Chapter 296: The Charge

​The distance to the train was three hundred meters. In a sprint on a track, that was forty seconds. In a blizzard, waist-deep in snow, facing an army of beasts? It was an eternity.

​"Shield up!" I roared.

​Leon didn’t hesitate. He slammed his tower shield against his shoulder, tucked his head, and became a human battering ram.

​The first line of Frost Wolves met us.

​CRUNCH.

​It wasn’t a fight; it was a collision. Leon, fueled by A-Rank Strength and the desperate need to save his friends, hit the pack like a runaway locomotive. The lead wolf, a beast the size of a pony, was launched backward, its ribs shattering audibly. The two behind it tripped over the carcass.
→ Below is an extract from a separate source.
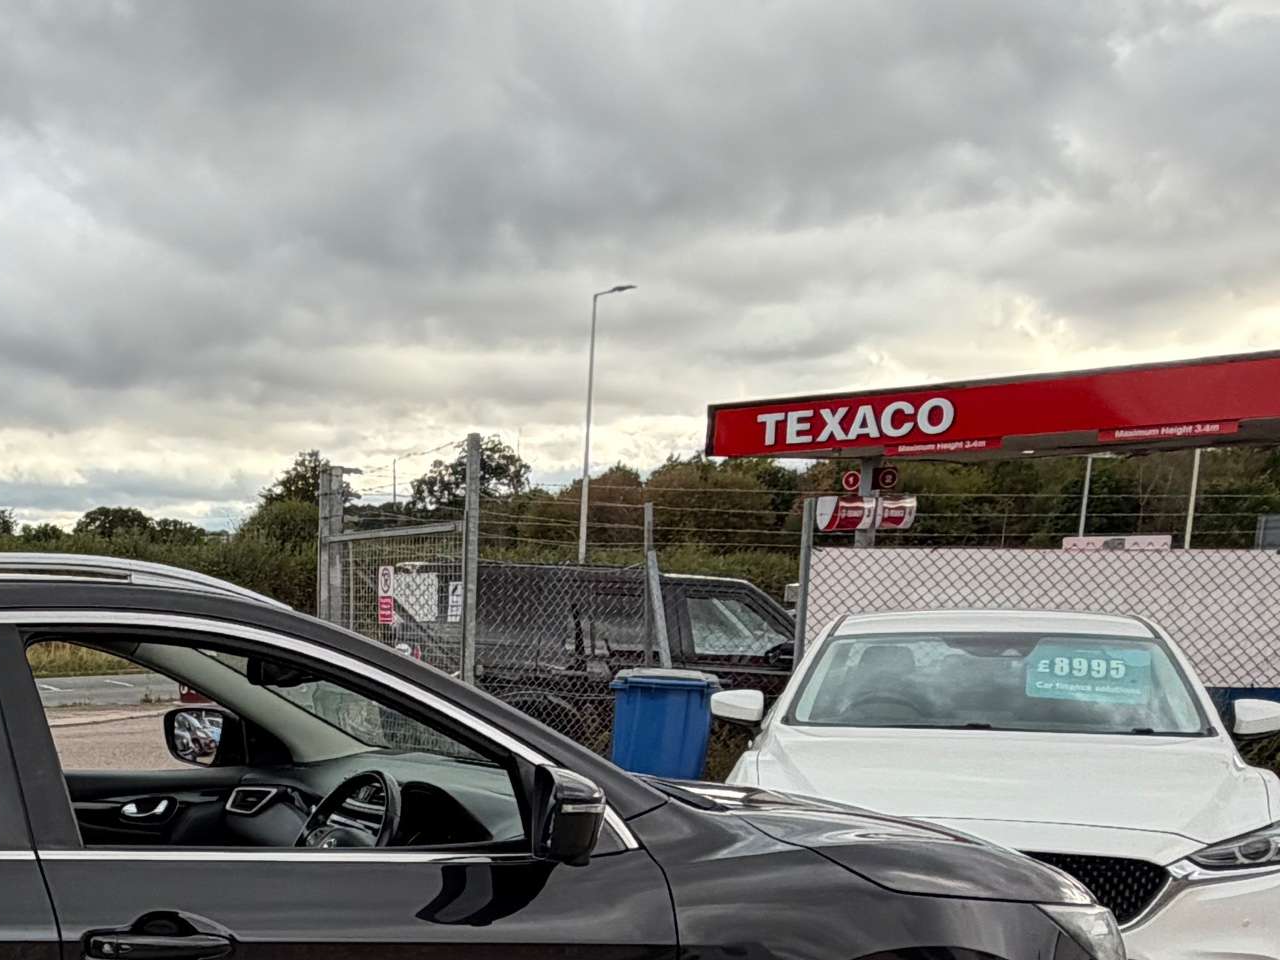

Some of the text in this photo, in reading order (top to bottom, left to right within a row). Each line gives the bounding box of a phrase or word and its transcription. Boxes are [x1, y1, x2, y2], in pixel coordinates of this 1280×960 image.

​"Keep moving!" I shouted, staying in Leon’s slipstream. "Don’t stop to kill! Just break the line!"

​I didn’t have a shield. I had a bent steel sword and a body running on fumes.

​A wolf lunged from the left, its jaws snapping for my neck.

​I didn’t try to block. My [Strength] was high, but my [Stamina] was critical. I pivoted on my back foot, letting the wolf sail past me, and drove my elbow into its temple as it flew by.

​[Critical Hit.]

​The wolf yelped and plowed into the snow.

​"Right flank!" Leon warned, swinging the [Breaker’s Hammer] in a blind, backhand arc.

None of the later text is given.